David and Dina homesteaded in B.C.’s Peace River country, raising a big garden, and fields of wheat, oats, alfalfa and brome grass as well as cattle, horses, pigs and chickens. Dina was asked to sing the Dutch national anthem at the first Women’s Institute meeting she attended. Her outgoing nature and adventurous spirit meant that she enjoyed meeting and making friends all her long life. Four children came along as well: Caroline, Marion, David and Shani. All attended the two-room school in Cecil Lake and joined the 4-H club. Farm chores and hundreds of acres to explore kept the family busy all four seasons of the year. Often David would work away from home in the winter, at logging camps or in construction, and Dina and the children would keep the farm going, with wood heat, no indoor plumbing, and for many years, no electricity or telephone either.
Dina, like so many Dutch immigrants, was a very hard worker and managed to bake several batches of bread in the wood fired-oven weekly and all their meals on the stove top. She also helped saw all the wood that went into the stove and the heater in her farm house, from logs brought home on a sleigh by David and the two oldest daughters and the team of horses.

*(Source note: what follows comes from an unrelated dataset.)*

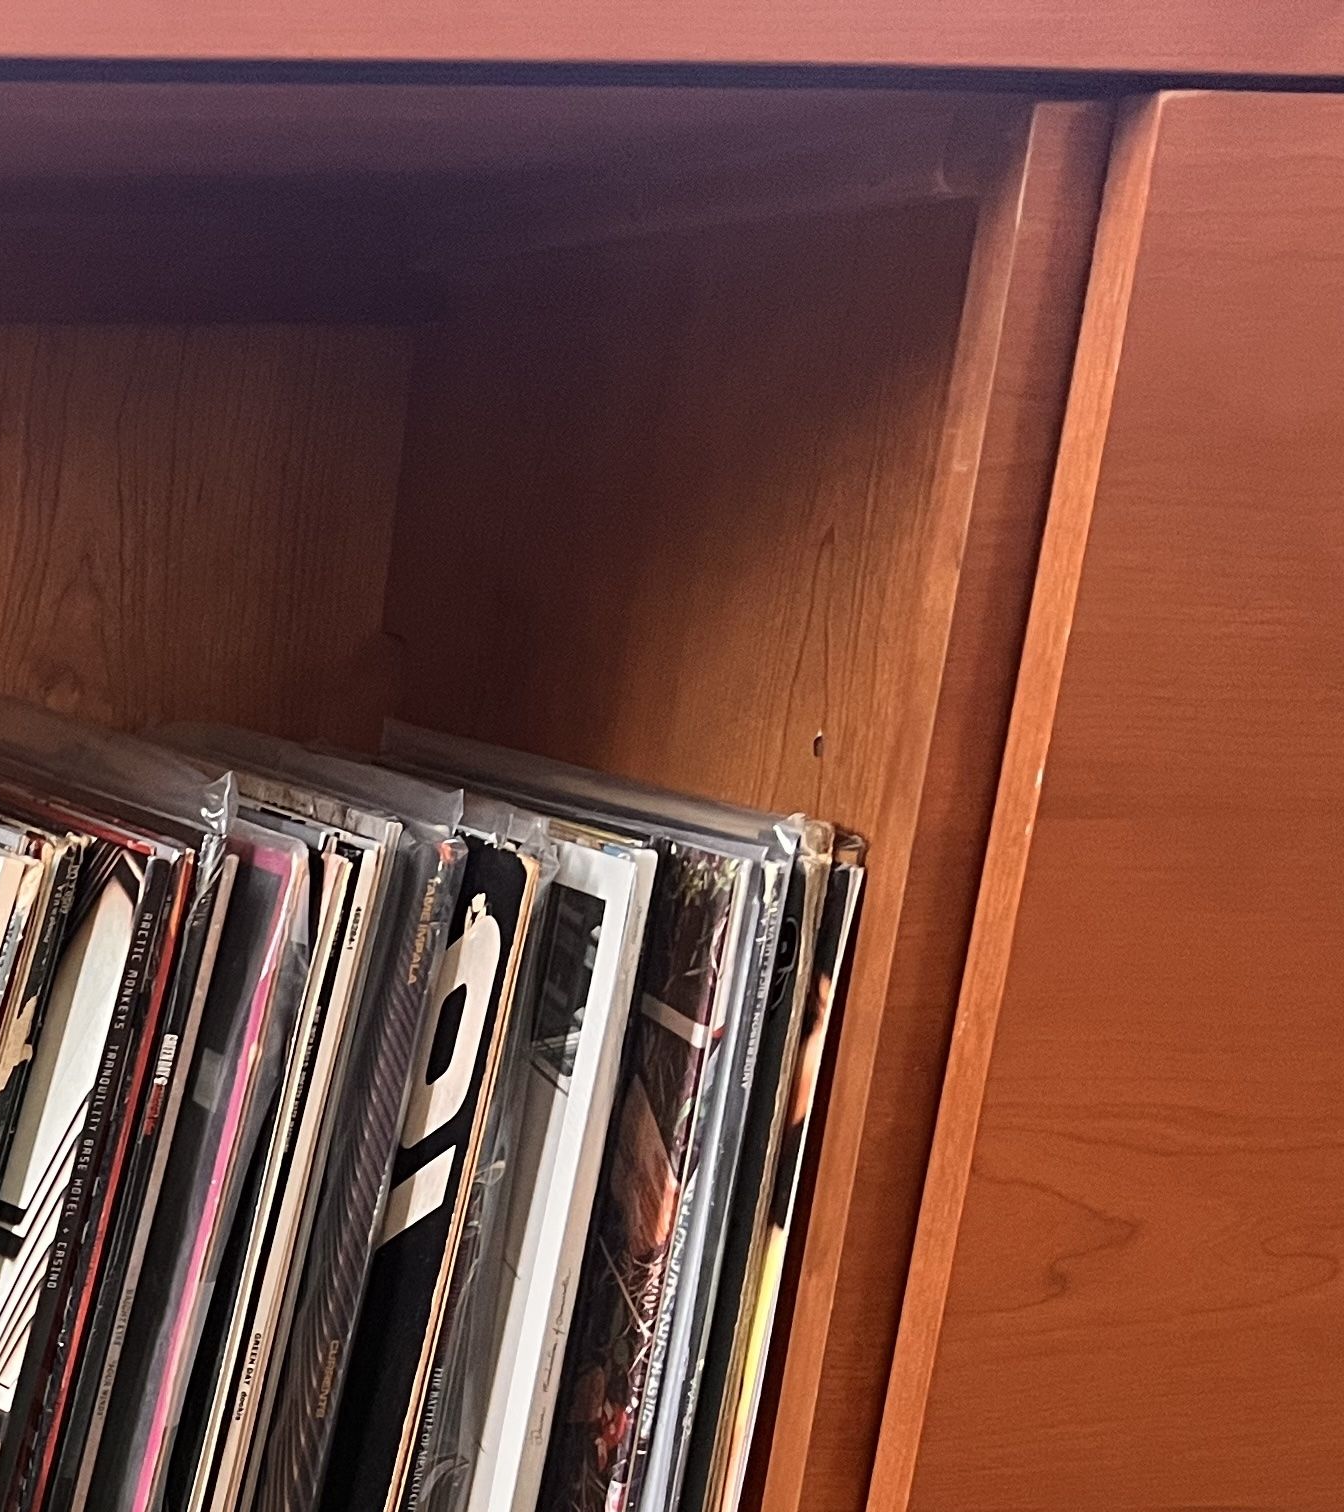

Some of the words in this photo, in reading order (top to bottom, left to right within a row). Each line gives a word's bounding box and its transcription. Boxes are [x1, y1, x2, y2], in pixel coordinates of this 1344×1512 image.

After twenty-seven years on the farm, the Woodward family moved to the town of Fort St. John and worked together as an office cleaning company which Dina continued on her own when David was hired by the Department of Agriculture and later still by the experimental seed company, Oseko Seeds. They travelled to Holland, Wales and England to visit their relatives and also welcomed them as visitors to Canada. When David died suddenly in 1984, Dina’s strength of character did not desert her. She learned to drive, joined the B.C. Senior’s swimming team, earning a number of medals for the Peace River North contingent, thanks to learning a decent racing dive and amused her grandchildren by zooming down a waterslide at the age of sixty-five. She travelled to Hawaii with good friends to escape the harsh northern winters a good number of times and truly enjoyed those excursions.

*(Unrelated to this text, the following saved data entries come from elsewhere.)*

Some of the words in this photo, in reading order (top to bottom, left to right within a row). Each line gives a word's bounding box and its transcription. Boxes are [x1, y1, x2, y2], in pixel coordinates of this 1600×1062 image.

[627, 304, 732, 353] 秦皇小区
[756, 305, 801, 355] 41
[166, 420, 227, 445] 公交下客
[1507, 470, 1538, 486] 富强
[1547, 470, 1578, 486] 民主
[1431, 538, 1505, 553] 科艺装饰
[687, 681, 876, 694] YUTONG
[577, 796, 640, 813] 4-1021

Dina moved south in the early 90’s and lived in Nanaimo and then Penticton before returning to live at Nanaimo Seniors’ Village in 2018. She passed away on February 29, 2020, only two weeks after celebrating her 95th birthday with a pedicure party with her daughters, lots of flowers, chocolates and a lovely seafood dinner with a glass of bubbly. She was predeceased by her son David and daughter Shani and survived by daughters Caroline and Marion, her grandchildren Cristal Folka, Russell Wark, Randy Wark and Trevor Wark, Nicole Woodward, Tiffany Woodward and D.J. Woodward, and Seamus Woodward-George and their partners and families. Dina is survived as well by her remaining sibling in Holland, her beloved youngest sister, Sjaan Van Der Linden, and all the next generations there, and by the far-flung Woodward tribe in Canada, Wales, England, the U.S.A. and Australia. Dina is also missed by many friends, including her best friends Riek in Penticton and Johanna at Nanaimo Seniors Village. The family would especially like to thank the many kind staff at Nanaimo Seniors Village and the compassionate medical team at Nanaimo Regional Hospital.
A scattering of ashes and a return to the Peace River country will happen at a later date. Funeral arrangements courtesy of Yates Memorial Service in Parksville, BC.